TQ: What has influenced / influences your writing?
Todd: Reading. Novels of course, but also short fiction. Read the magazines -- Clarkesworld, Asimov's, Lightspeed. There are writers doing things today that will blow your mind open. Clarkesworld has a marvelous podcast, read by the amazing Kate Baker, and I listen to it while riding the train home from Chicago in the evening. Yesterday I listened to Bogi Takács' “Some Remarks on the Reproductive Strategy of the Common Octopus,” about uplifted octopi on an alien planet. Great stuff!

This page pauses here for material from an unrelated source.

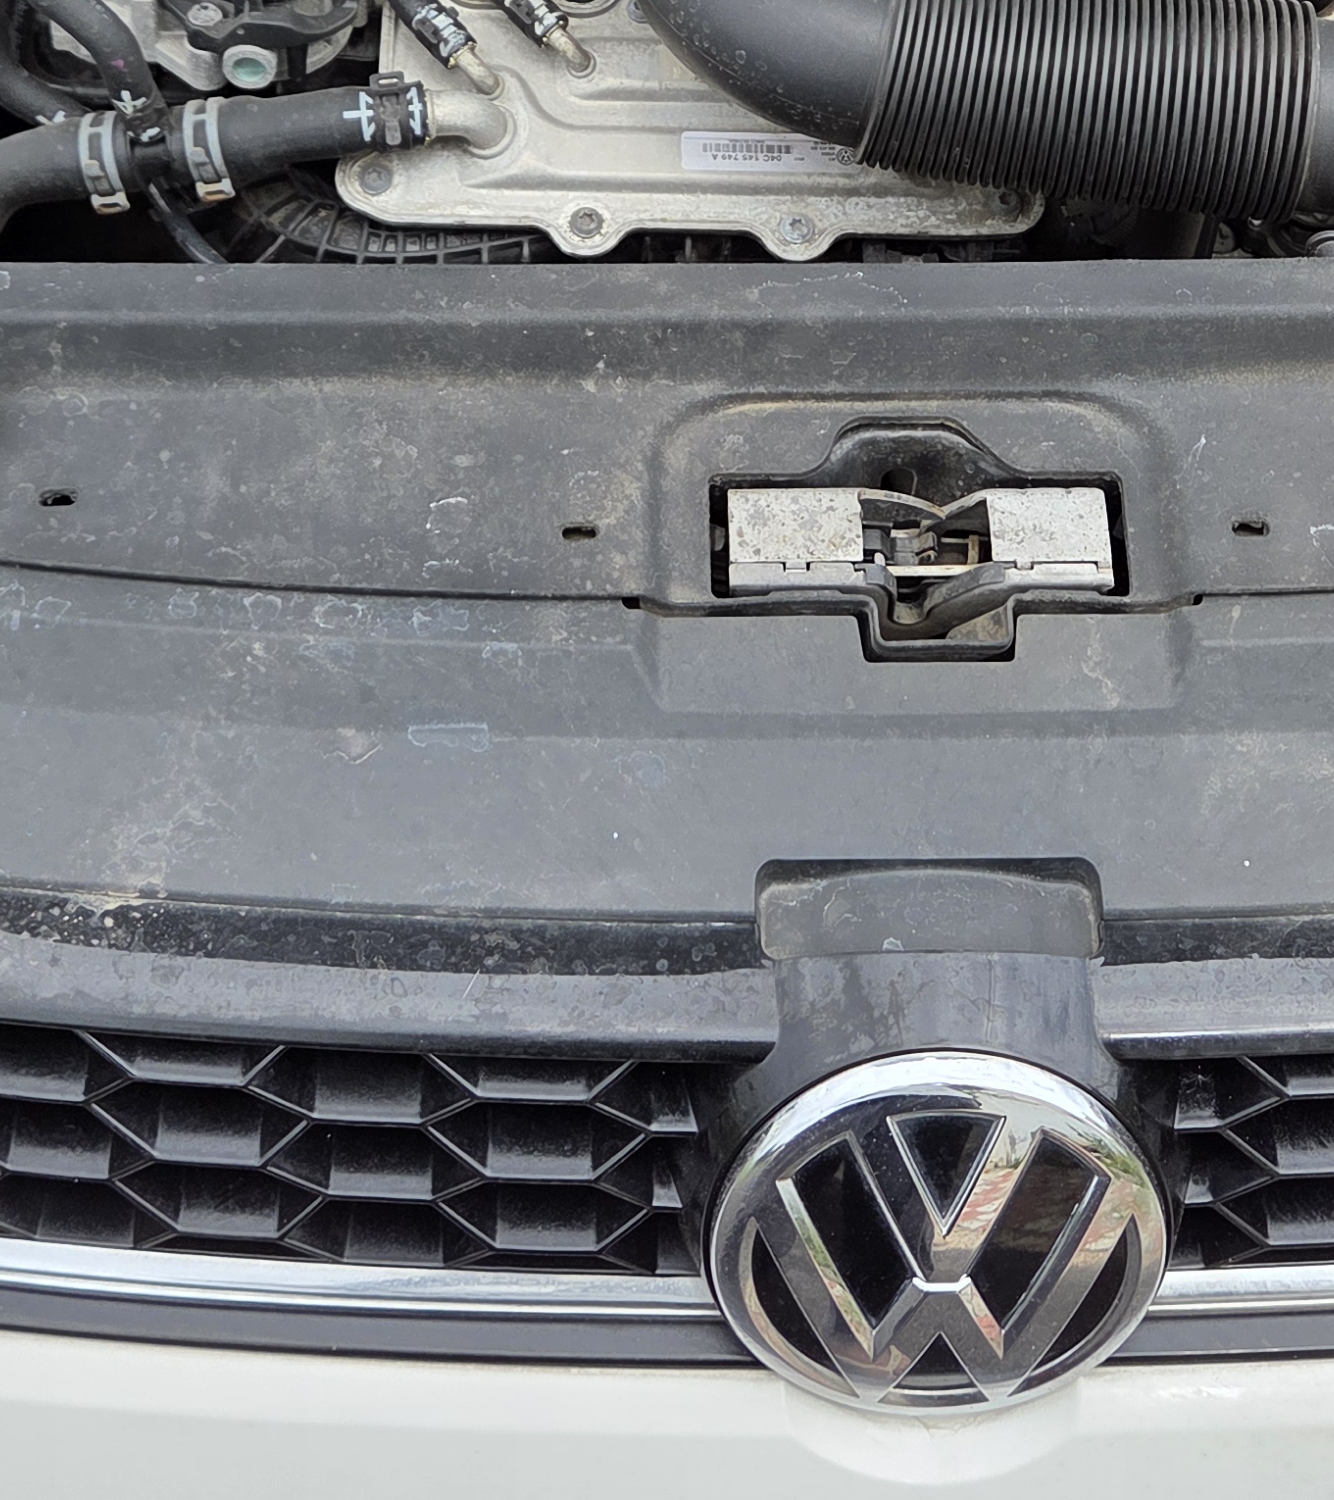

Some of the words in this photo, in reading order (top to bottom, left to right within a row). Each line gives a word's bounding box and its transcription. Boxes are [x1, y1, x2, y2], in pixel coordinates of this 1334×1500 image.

[712, 153, 718, 161] A
[721, 153, 739, 161] 749
[742, 153, 760, 162] 145
[722, 1070, 1159, 1408] VW
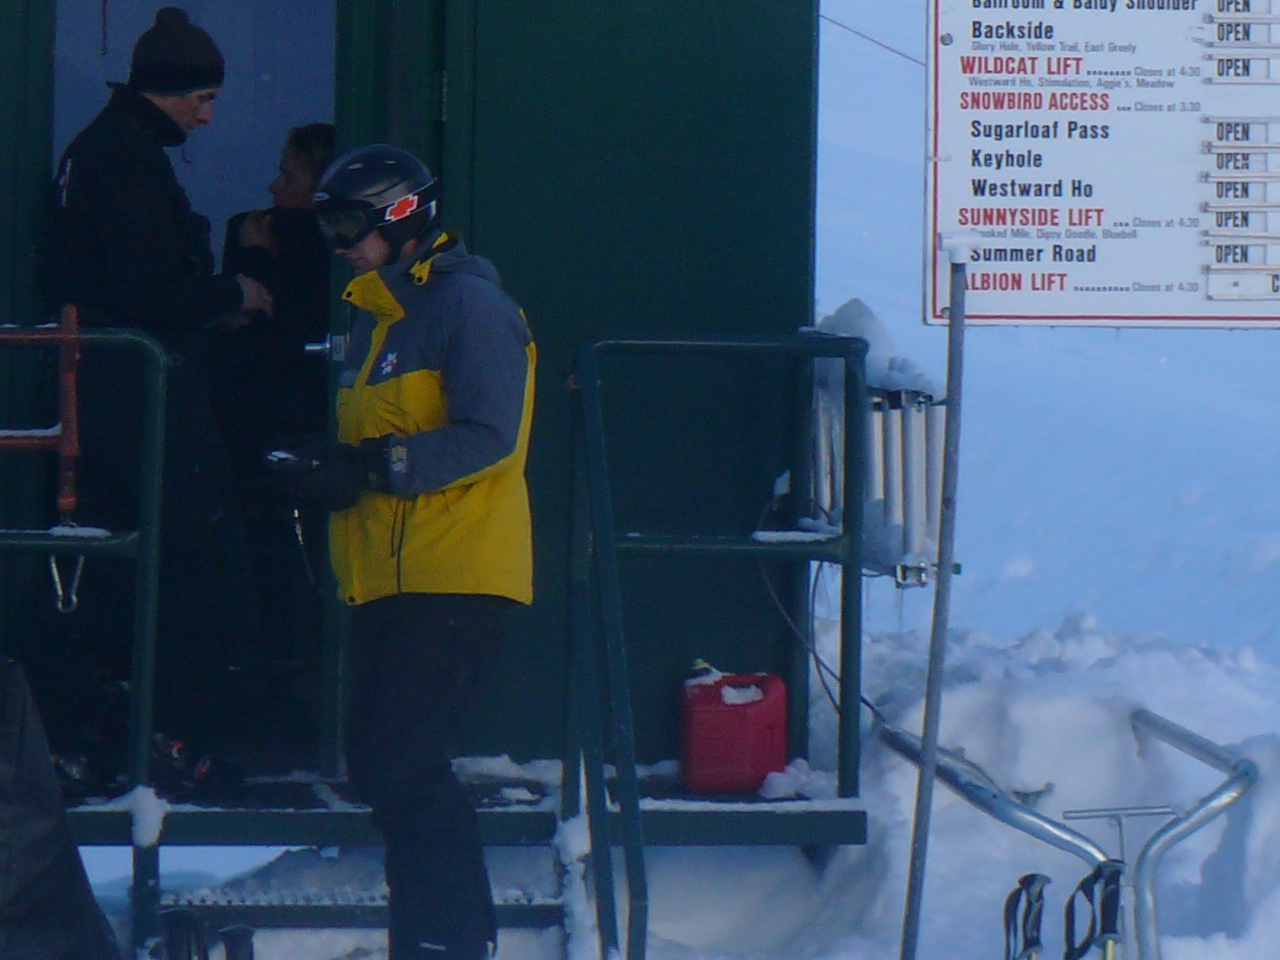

If you're a writer looking to get inspired, novels are a fine choice. But I find that nothing really churns the mind like great short fiction. There's so much out there today, and so many ways to consume it. If you haven't tried, you're really missing out.
The other thing I read is newspapers. Real journalism, not just bloggers and Facebook. I think I'm the only person in my train compartment every morning that still carries a physical copy of The New York Times with me downtown. Pretty old school, I admit.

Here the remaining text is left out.